__Directions__:
Your copy should match the records exactly, apart from the pictures, which stay out.

__Entries provided__:
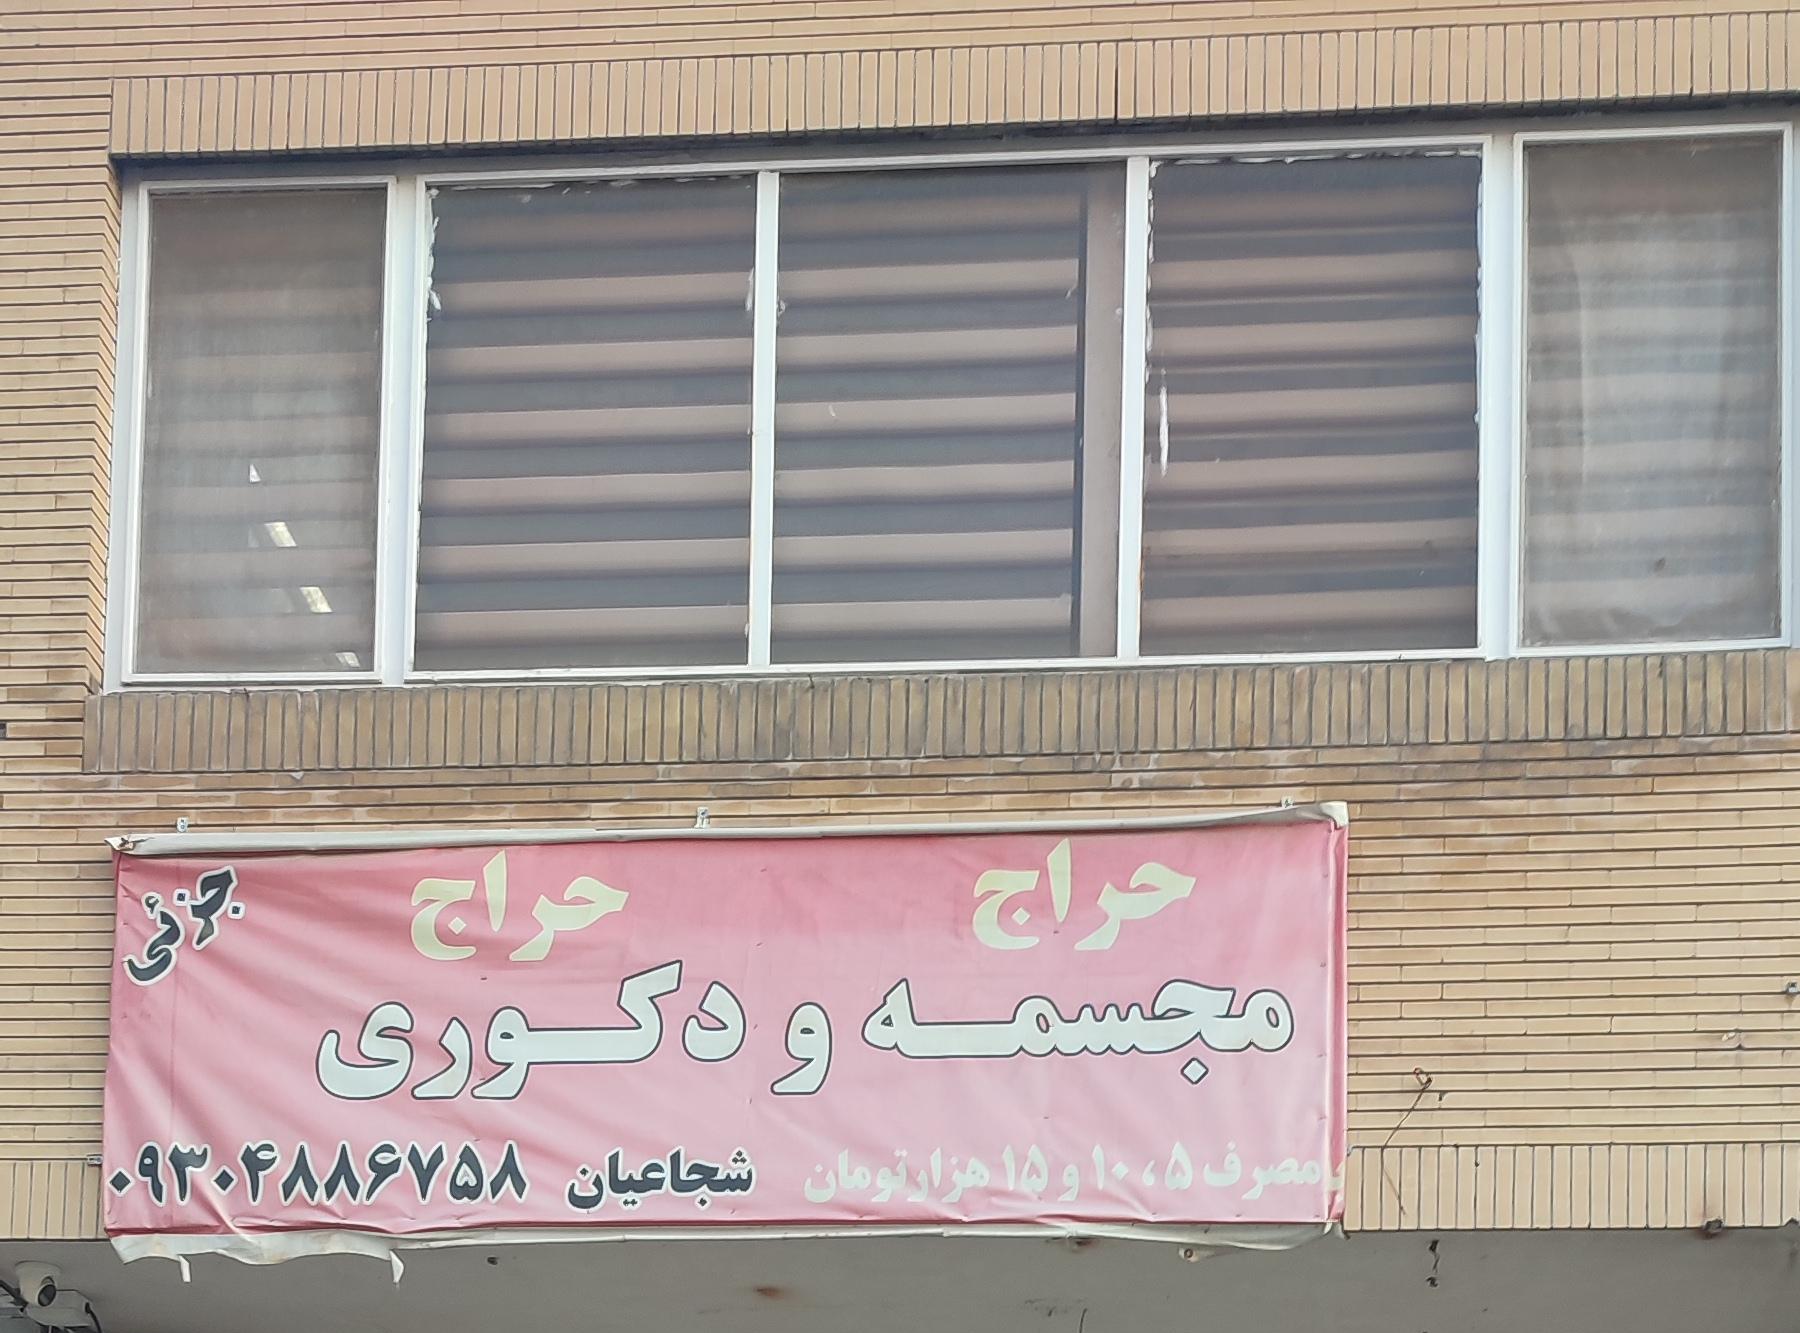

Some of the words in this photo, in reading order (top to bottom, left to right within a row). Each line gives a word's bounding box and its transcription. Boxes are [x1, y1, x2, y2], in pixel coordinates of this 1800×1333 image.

[410, 850, 629, 962] حراج
[972, 838, 1197, 950] حراج
[316, 960, 746, 1100] دکوری
[770, 1002, 832, 1095] و
[862, 977, 1294, 1085] مجسمه
[107, 1141, 529, 1206] ۰۹۳۰۴۸۸۶۷۵۸
[566, 1146, 755, 1209] شجاعیان
[1057, 1162, 1080, 1202] و
[1201, 1140, 1322, 1200] مصرف
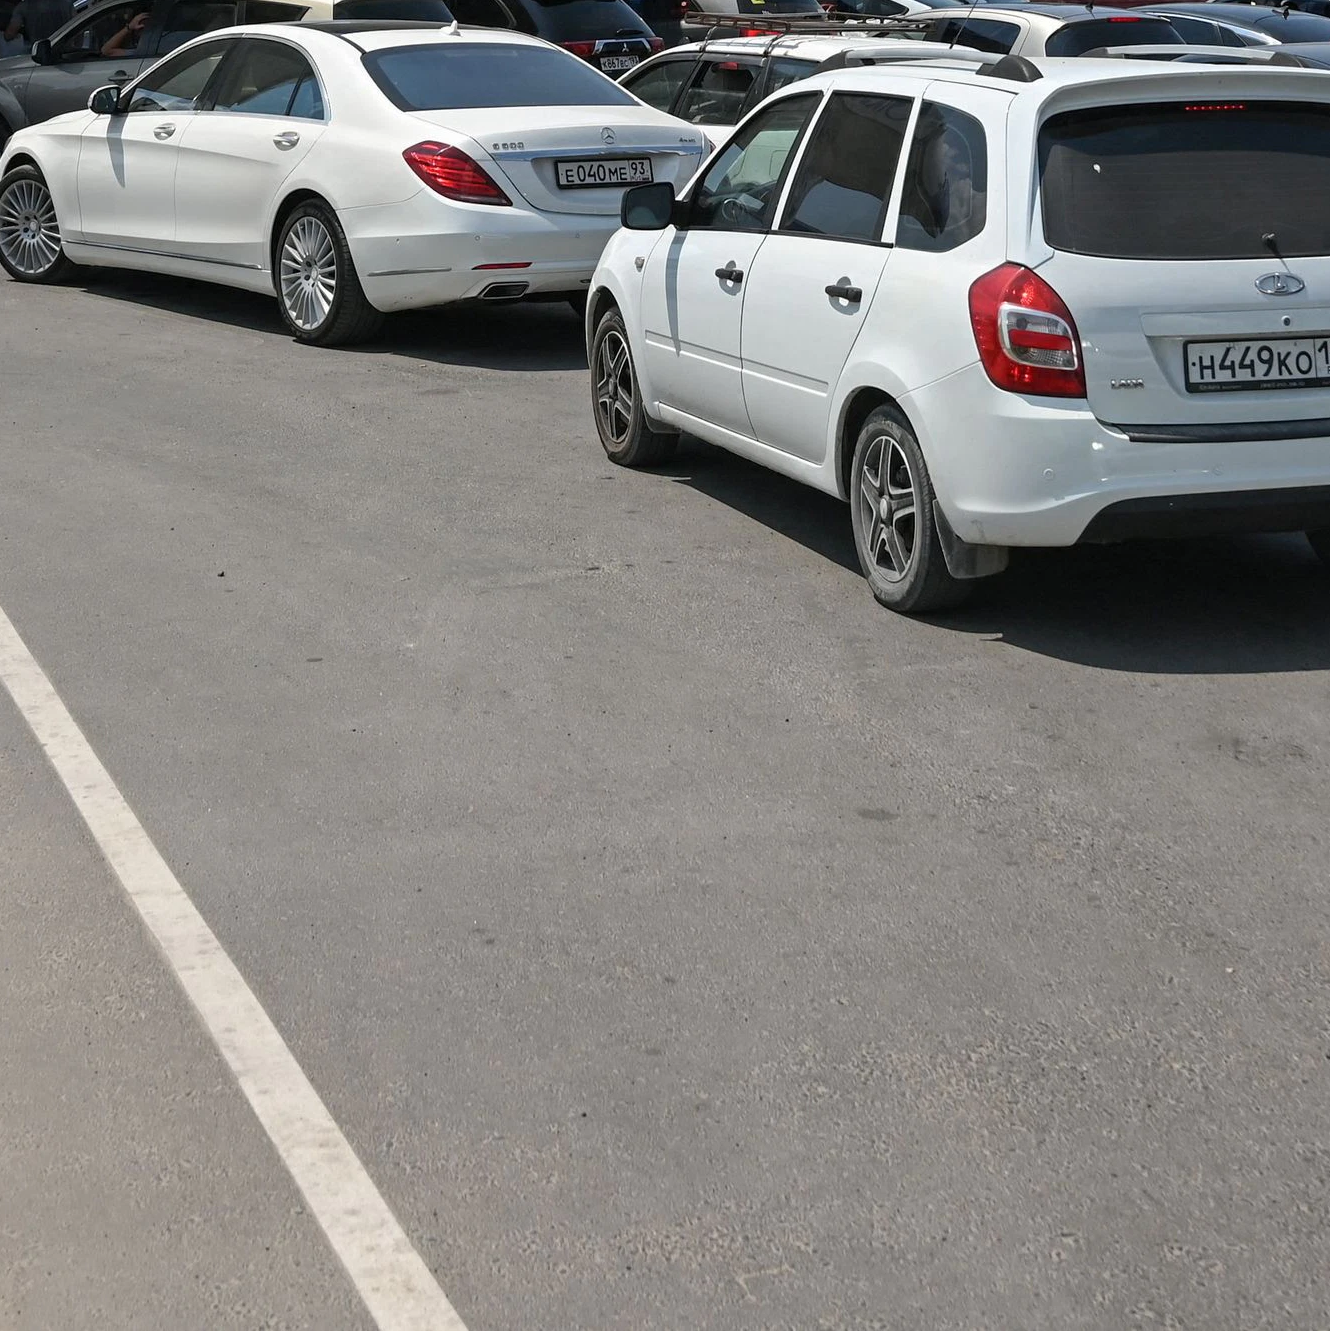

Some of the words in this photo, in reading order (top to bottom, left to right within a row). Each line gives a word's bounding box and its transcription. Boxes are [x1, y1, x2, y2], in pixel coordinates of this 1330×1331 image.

[566, 164, 628, 183] Е040МЕ
[630, 161, 645, 175] 93
[1199, 345, 1312, 380] Н449КО
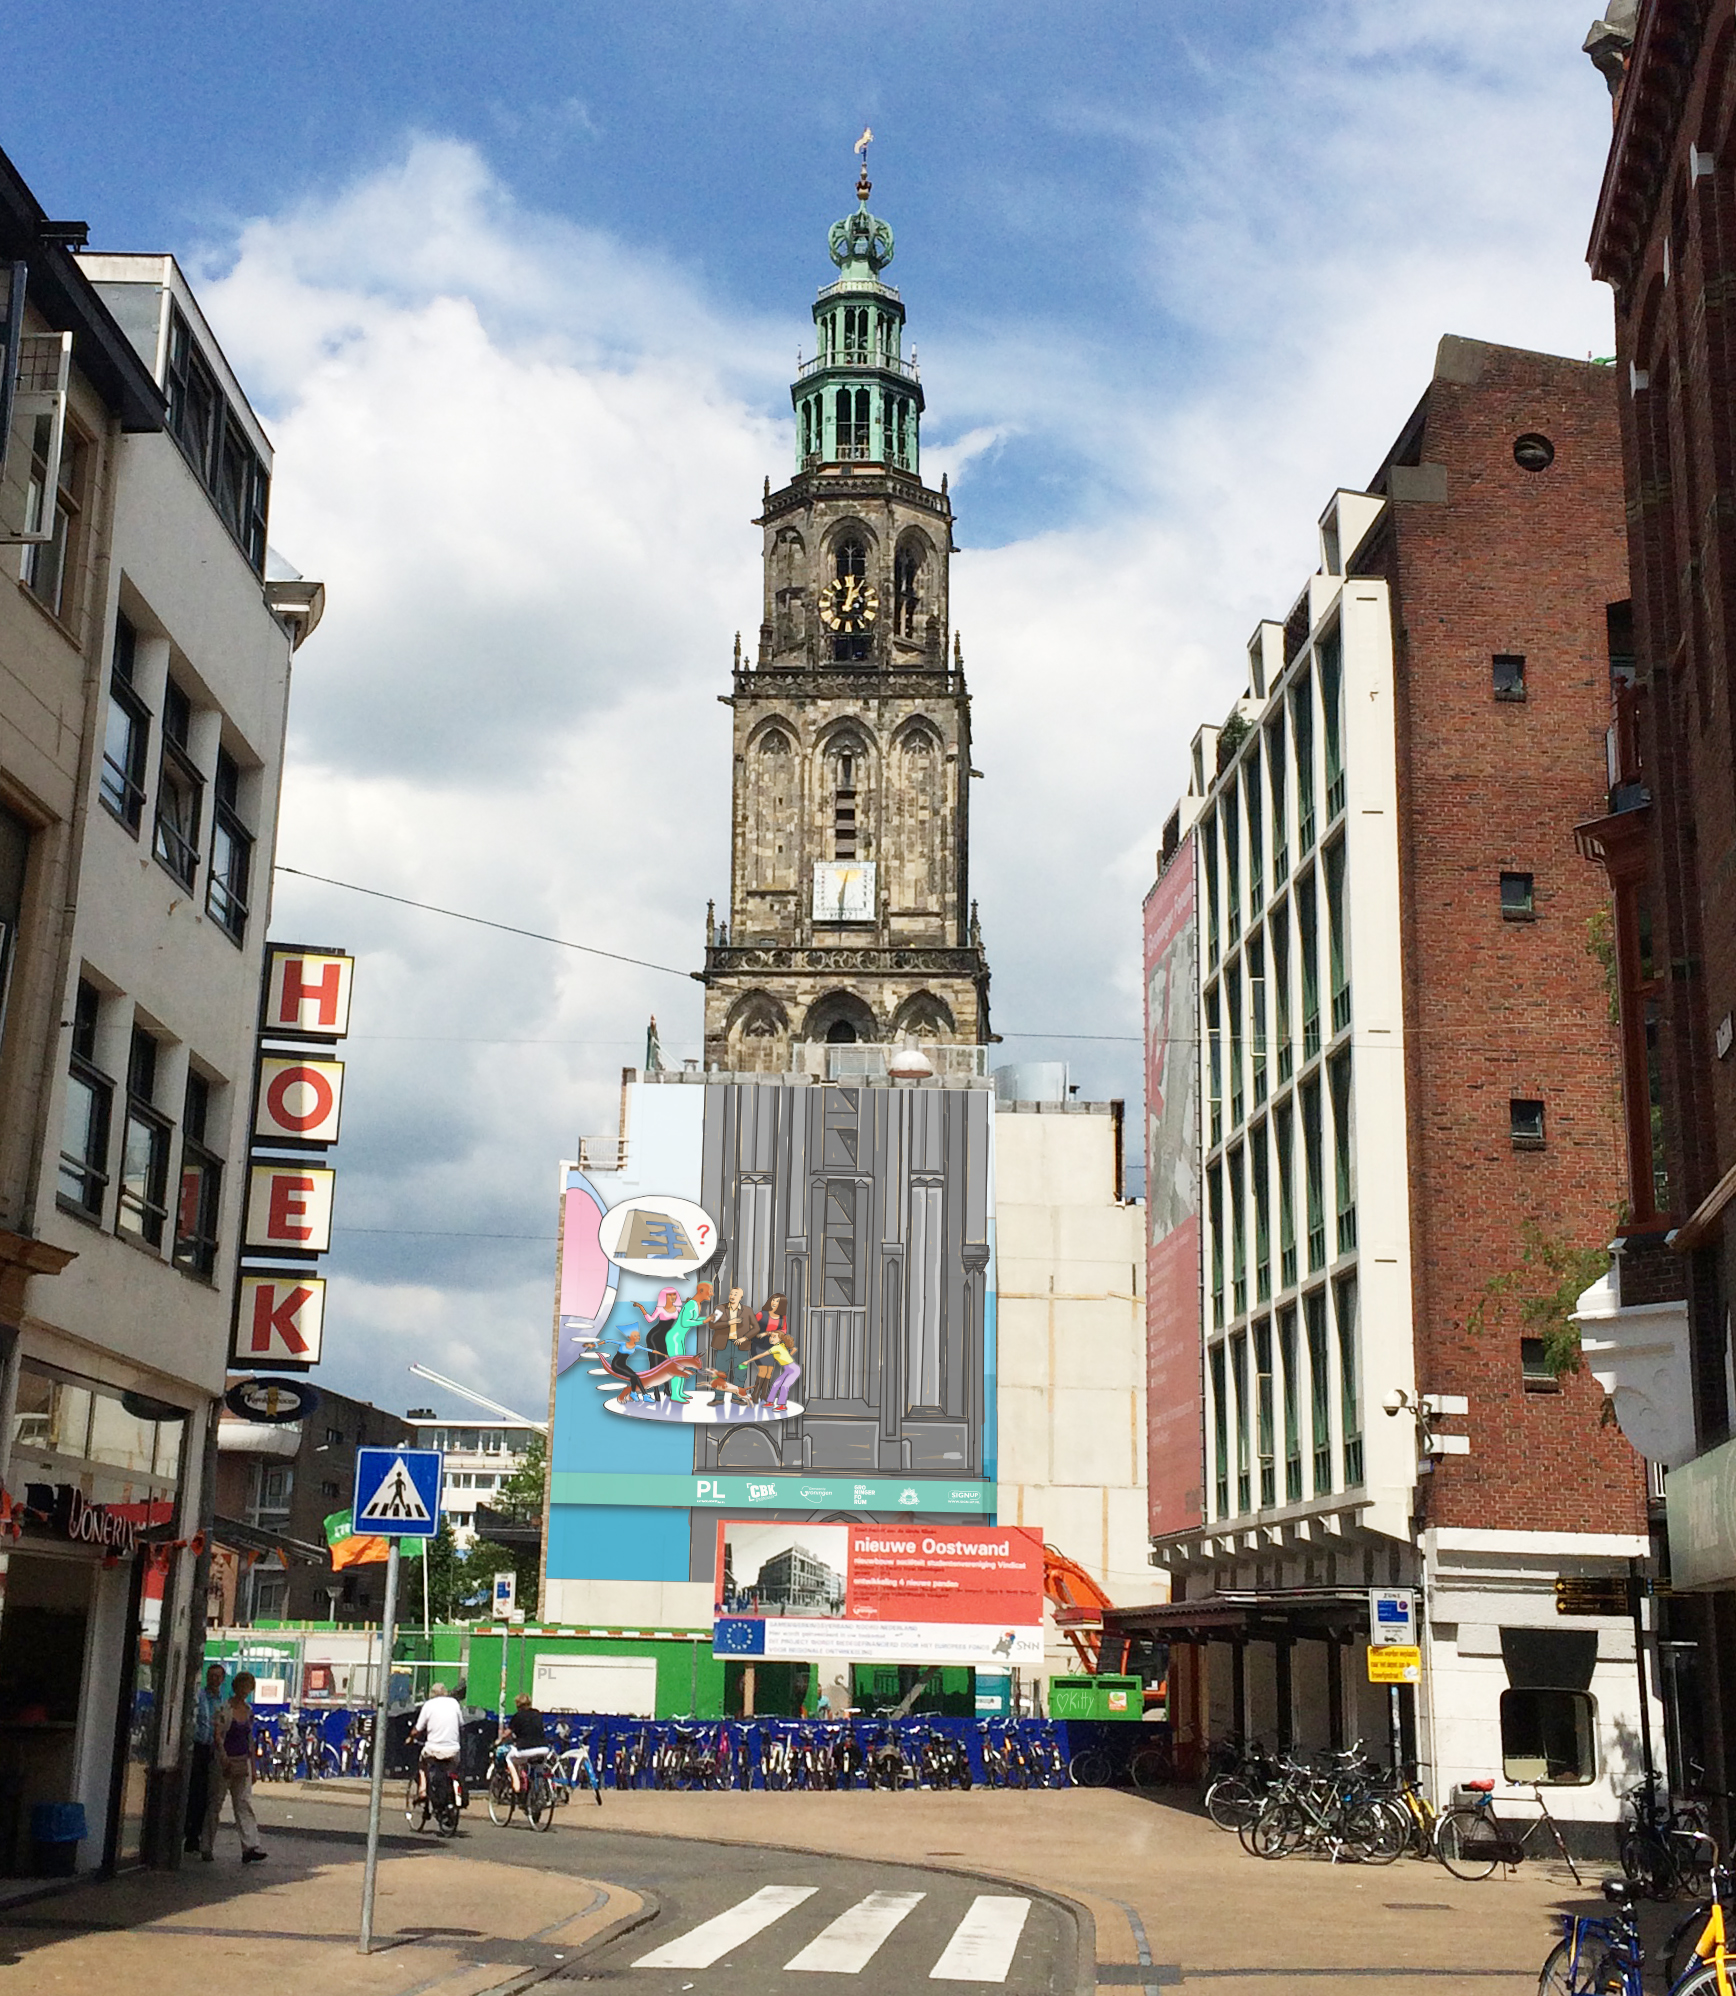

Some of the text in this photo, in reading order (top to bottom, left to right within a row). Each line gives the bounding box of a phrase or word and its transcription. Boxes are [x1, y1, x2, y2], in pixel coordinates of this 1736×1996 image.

[251, 959, 341, 1354] HOEK
[697, 1224, 710, 1245] ?
[696, 1480, 726, 1499] PL
[750, 1484, 776, 1498] CBK
[951, 1490, 979, 1498] SIGNUP
[854, 1536, 1010, 1557] nieuwe Oostwand
[1016, 1640, 1041, 1651] SNN
[537, 1667, 557, 1680] PL
[1069, 1691, 1095, 1717] Kitty
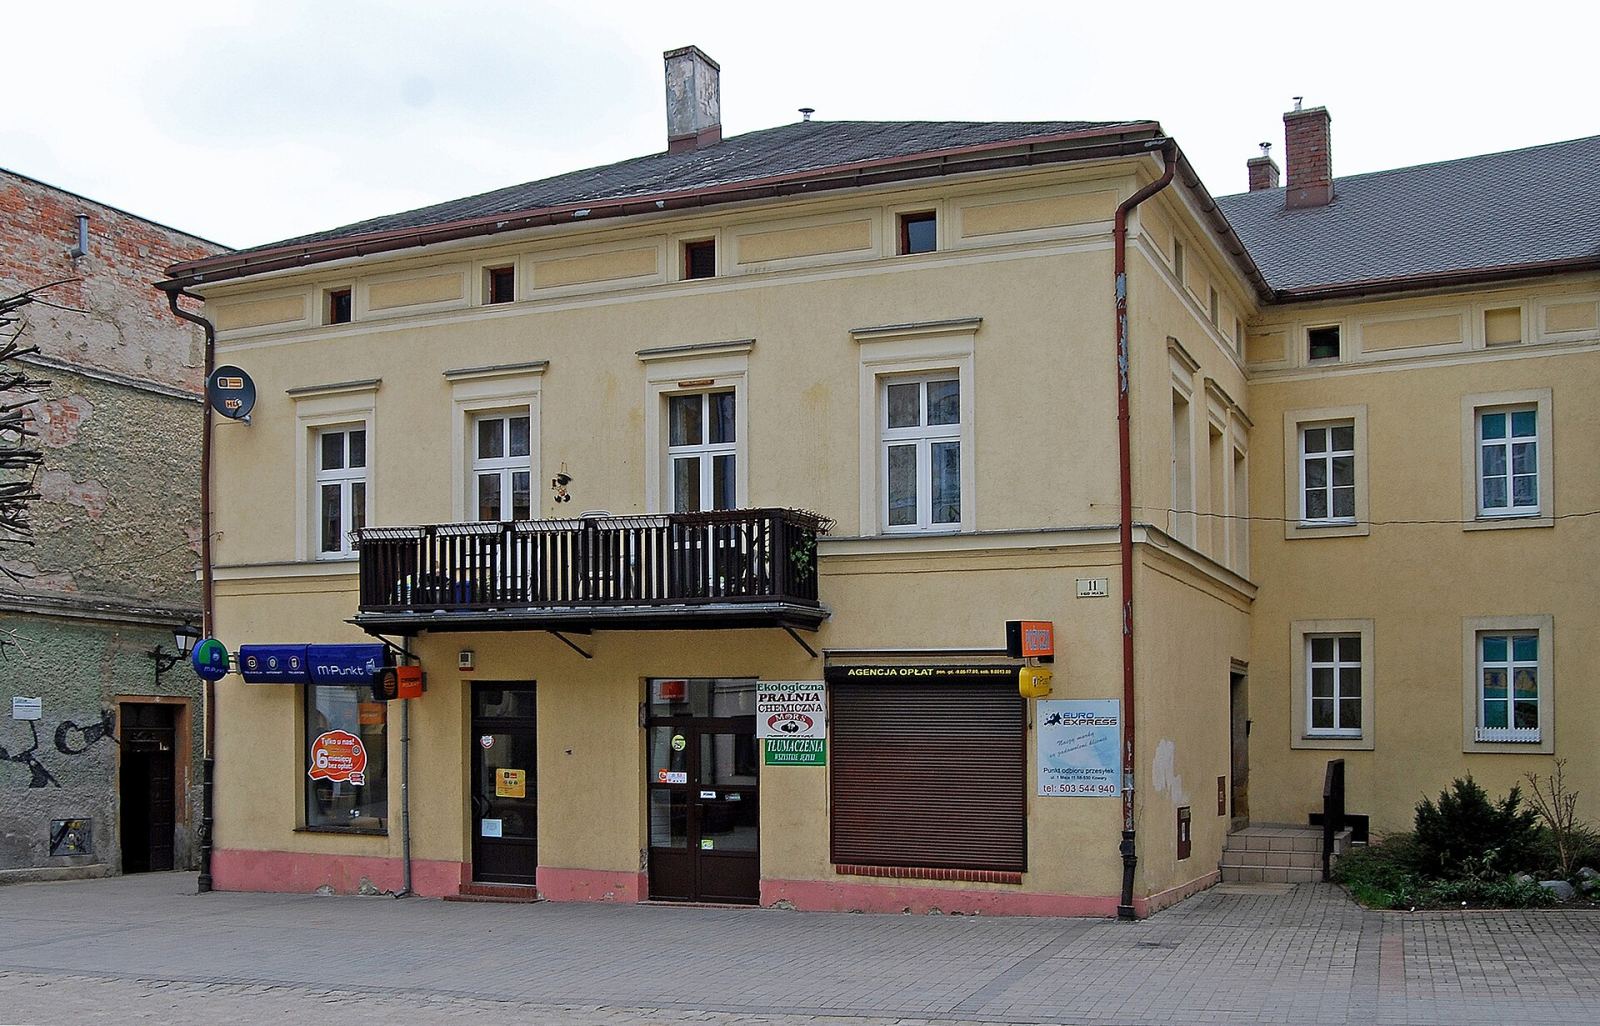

__Your solution__:
Some of the words in this photo, in reading order (top to bottom, left to right within a row). Each line gives a word's bounding box and its transcription. Boxes are [x1, y1, x2, y2], in pixel coordinates of this 1800×1333 image.

[410, 850, 629, 962] حراج
[972, 838, 1197, 950] حراج
[316, 960, 746, 1100] دکوری
[770, 1002, 832, 1095] و
[862, 977, 1294, 1085] مجسمه
[107, 1141, 529, 1206] ۰۹۳۰۴۸۸۶۷۵۸
[566, 1146, 755, 1209] شجاعیان
[1057, 1162, 1080, 1202] و
[1201, 1140, 1322, 1200] مصرف

Some of the words in this photo, in reading order (top to bottom, left to right within a row). Each line gives a word's bounding box and its transcription. Boxes are [x1, y1, x2, y2], in pixel coordinates of this 1330×1331 image.

[566, 164, 628, 183] Е040МЕ
[630, 161, 645, 175] 93
[1199, 345, 1312, 380] Н449КО

Some of the text in this photo, in reading order (top to bottom, left to right within a row). Each line gives the bounding box of a phrase or word and its transcription. Boxes are [x1, y1, x2, y2], in pixel coordinates of this 1736×1996 image.

[251, 959, 341, 1354] HOEK
[697, 1224, 710, 1245] ?
[696, 1480, 726, 1499] PL
[750, 1484, 776, 1498] CBK
[951, 1490, 979, 1498] SIGNUP
[854, 1536, 1010, 1557] nieuwe Oostwand
[1016, 1640, 1041, 1651] SNN
[537, 1667, 557, 1680] PL
[1069, 1691, 1095, 1717] Kitty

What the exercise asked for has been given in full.